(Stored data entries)
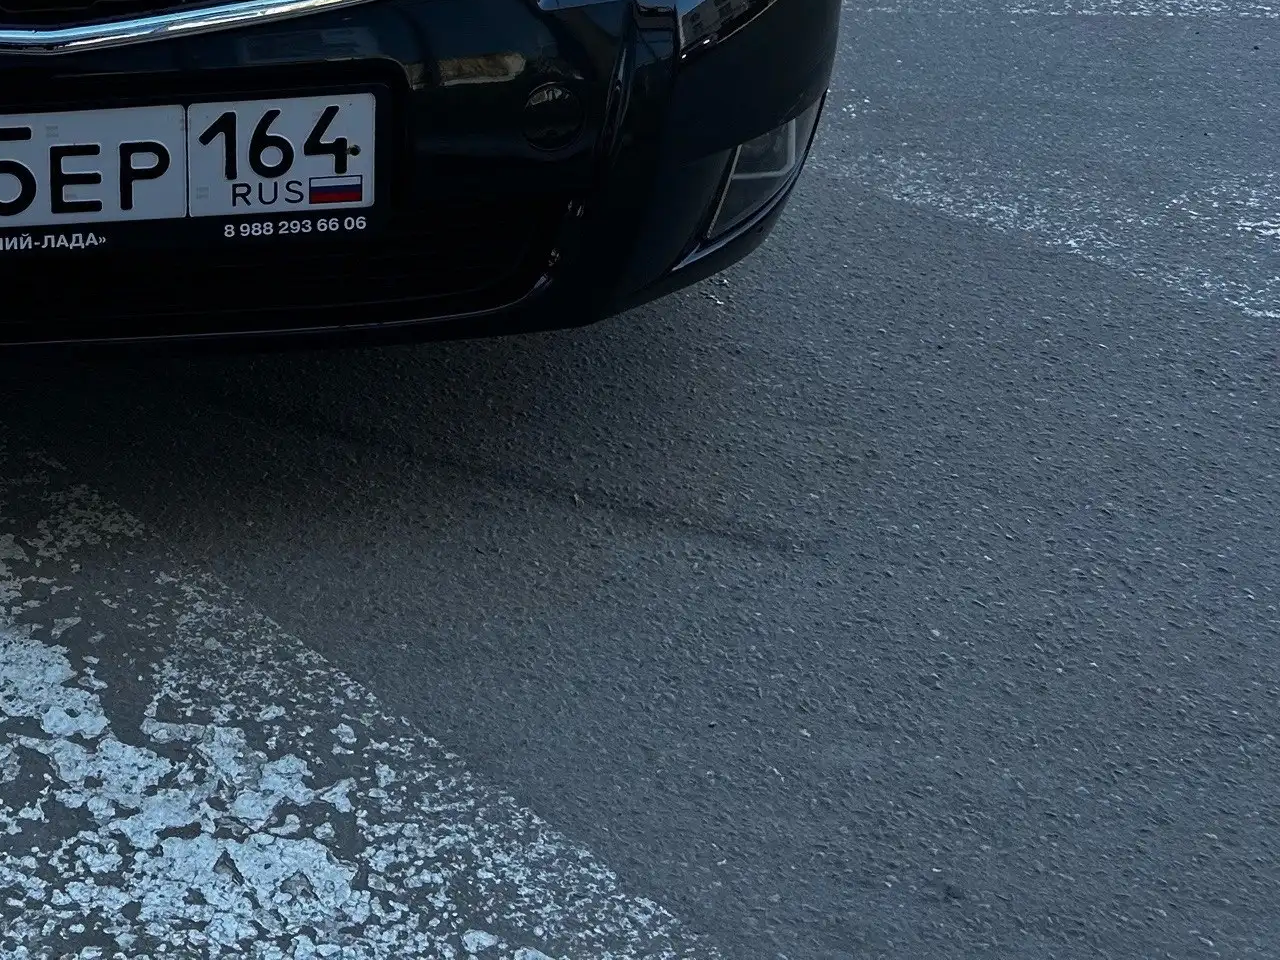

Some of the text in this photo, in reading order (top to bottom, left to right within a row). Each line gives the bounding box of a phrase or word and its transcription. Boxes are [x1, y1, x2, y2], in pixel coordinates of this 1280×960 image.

[198, 105, 348, 181] 164
[232, 181, 304, 207] RUS
[223, 216, 367, 237] 8 988 293 66 06
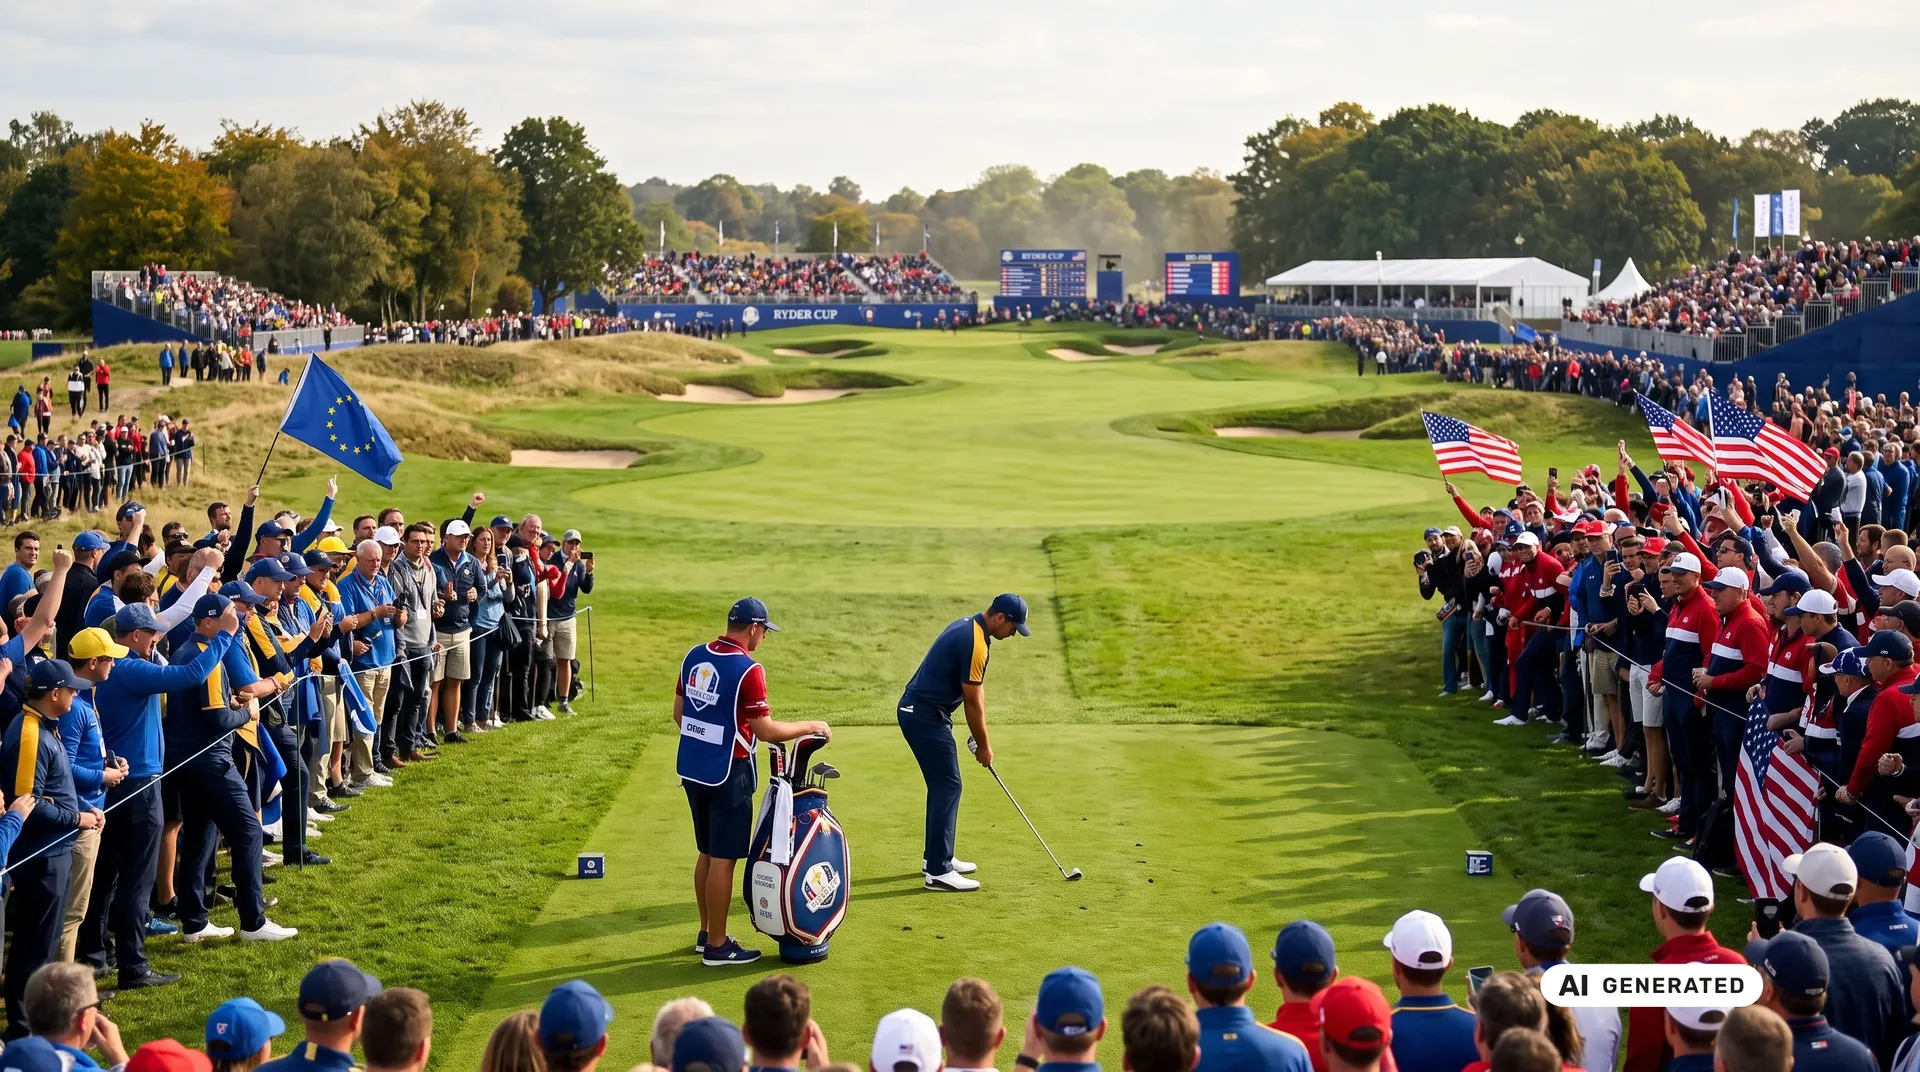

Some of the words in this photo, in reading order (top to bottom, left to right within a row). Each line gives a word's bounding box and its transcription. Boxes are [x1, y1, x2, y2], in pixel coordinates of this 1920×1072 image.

[1021, 252, 1047, 260] RYDER
[1047, 252, 1064, 260] CUP
[773, 309, 812, 320] RYDER
[813, 309, 838, 320] CUP

→ **PROBLEM STATEMENT**
Reproduce the records above word for word, without the images.

→ **EXERCISE OUTPUT**
Some of the text in this photo, in reading order (top to bottom, left to right within a row). Each line gives the bounding box of a phrase or word and its transcription. Boxes are [x1, y1, x2, y2], in pixel coordinates of this 1280×960 image.

[198, 105, 348, 181] 164
[232, 181, 304, 207] RUS
[223, 216, 367, 237] 8 988 293 66 06

Some of the words in this photo, in reading order (top to bottom, left to right within a row). Each line gives a word's bounding box and its transcription. Boxes are [x1, y1, x2, y2], in pixel coordinates of this 1920×1072 image.

[1021, 252, 1047, 260] RYDER
[1047, 252, 1064, 260] CUP
[773, 309, 812, 320] RYDER
[813, 309, 838, 320] CUP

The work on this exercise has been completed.